Using a proxy with Python requests is very straight forward. We simply need to create a proxies
dictionary and pass it into the proxies attribute of our Python Requests request.
import requests
proxies = {
'http': 'http://proxy.example.com:8080',
'https': 'http://proxy.example.com:8081',
}
response = requests.get('http://quotes.toscrape.com/', proxies=proxies)
This method will work for all request methods Python Requests supports: GET
, POST
, PUT
, DELETE
, PATCH
, HEAD
.
However, the above example only uses a single proxy to make the requests. To avoid having your scrapers blocked you need to use large pools of proxies and rotate your requests through different proxies.
There are 3 common ways to integrate and rotate proxies in your scrapers:
Proxy Integration #1: Rotating Through Proxy IP List
Here a proxy provider will normally provide you with a list of proxy IP addresses that you will need to configure your scraper to rotate through and select a new IP address for every request.
The proxy list you receive will look something like this:
'http://Username:Password@85.237.57.198:20000',
'http://Username:Password@85.237.57.198:21000',
'http://Username:Password@85.237.57.198:22000',
'http://Username:Password@85.237.57.198:23000',
To integrate them into our scrapers we need to configure our code to pick a random proxy from this list everytime we make a request.
In our Python Requests scraper we could do it like this:
import requests
from random import randint
proxy_list = [
'http://Username:Password@85.237.57.198:20000',
'http://Username:Password@85.237.57.198:21000',
'http://Username:Password@85.237.57.198:22000',
'http://Username:Password@85.237.57.198:23000',
]
proxy_index = randint(0, len(proxy_list) - 1)
proxies = {
"http://": proxy_list[proxy_index],
"https://": proxy_list[proxy_index],
}
r = requests.get(url='http://quotes.toscrape.com/', proxies=proxies)
print(r.text)
This is a simplistic example, as when scraping at scale we would also need to build a mechanism to monitor the performance of each individual IP address and remove it from the proxy rotation if it got banned or blocked.
Proxy Integration #2: Using Proxy Gateway
Increasingly, a lot of proxy providers aren't selling lists of proxy IP addresses anymore. Instead, they give you access to their proxy pools via a proxy gateway.

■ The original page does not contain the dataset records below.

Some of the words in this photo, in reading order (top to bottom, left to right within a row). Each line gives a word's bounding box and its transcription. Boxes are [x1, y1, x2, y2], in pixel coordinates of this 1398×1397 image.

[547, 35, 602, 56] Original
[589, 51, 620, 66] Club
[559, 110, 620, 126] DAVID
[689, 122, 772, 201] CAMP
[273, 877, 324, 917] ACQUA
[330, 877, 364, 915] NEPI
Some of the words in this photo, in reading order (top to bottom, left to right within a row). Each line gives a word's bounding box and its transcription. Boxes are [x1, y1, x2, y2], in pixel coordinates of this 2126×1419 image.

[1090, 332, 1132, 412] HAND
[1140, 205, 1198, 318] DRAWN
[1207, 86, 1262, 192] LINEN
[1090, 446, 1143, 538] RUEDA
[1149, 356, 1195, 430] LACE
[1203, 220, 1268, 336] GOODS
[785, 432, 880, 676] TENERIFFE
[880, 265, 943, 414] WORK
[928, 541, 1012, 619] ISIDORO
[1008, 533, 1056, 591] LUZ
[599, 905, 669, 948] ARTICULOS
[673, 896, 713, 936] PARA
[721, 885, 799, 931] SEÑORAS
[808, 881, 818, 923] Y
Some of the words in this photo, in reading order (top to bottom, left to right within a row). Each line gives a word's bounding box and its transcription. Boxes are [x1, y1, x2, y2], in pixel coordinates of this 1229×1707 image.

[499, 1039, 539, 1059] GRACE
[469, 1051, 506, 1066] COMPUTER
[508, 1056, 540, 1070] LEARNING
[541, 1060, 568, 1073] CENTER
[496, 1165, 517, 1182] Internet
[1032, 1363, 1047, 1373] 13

Here, you only have to integrate a single proxy into your Python Requests scraper and the proxy provider will manage the proxy rotation, selection, cleaning, etc. on their end for you.
This is the most common way to use residential and mobile proxies, and becoming increasingly common when using datacenter proxies too.
Here is an example of how to integrate BrightData's residential proxy gateway into our Python Requests scraper:
import requests
proxies = {
'http': 'http://zproxy.lum-superproxy.io:22225',
'https': 'http://zproxy.lum-superproxy.io:22225',
}
url = 'http://quotes.toscrape.com/'
response = requests.get(url, proxies=proxies, auth=('USERNAME', 'PASSWORD'))
As you can see, it is much easier to integrate than using a proxy list as you don't have to worry about implementing all the proxy rotation logic.
Proxy Integration #3: Using Proxy API Endpoint
Recently, a lot of proxy providers have started offering smart proxy APIs that take care of managing your proxy infrastructure for you by rotating proxies and headers for you so you can focus on extracting the data you need.
Here you typically, send the URL you want to scrape to their API endpoint and then they will return the HTML response.
Although every proxy API provider has a slightly different API integration, they are all very similar and are very easy to integrate with.
Here is an example of how to integrate with the ScrapeOps Proxy Manager:
import requests
from urllib.parse import urlencode
payload = {'api_key': 'APIKEY', 'url': 'http://quotes.toscrape.com/'}
r = requests.get('https://proxy.scrapeops.io/v1/', params=urlencode(payload))
print r.text
Here you simply send the URL you want to scrape to the ScrapeOps API endpoint in the URL
query parameter, along with your API key in the api_key
query parameter, and ScrapeOps will deal with finding the best proxy for that domain and return the HTML response to you.
You can get your own free API key with 1,000 free requests by signing up here.
When using proxy API endpoints it is very important to encode the URL you want to scrape before sending it to the Proxy API endpoint. As if the URL contains query parameters then the Proxy API might think that those query parameters are for the Proxy API and not the target website.
To encode your URL you just need to use the urlencode(payload)
function as we've done above in the example.
For a more detailed guide on how to use proxies with Python Requests then check out our Guide to Using Proxies With Python Requests or check out this video:
Retrying Failed Requests With Python Requests
When web scraping, some requests will inevitably fail either from connection issues or because the website blocks the requests.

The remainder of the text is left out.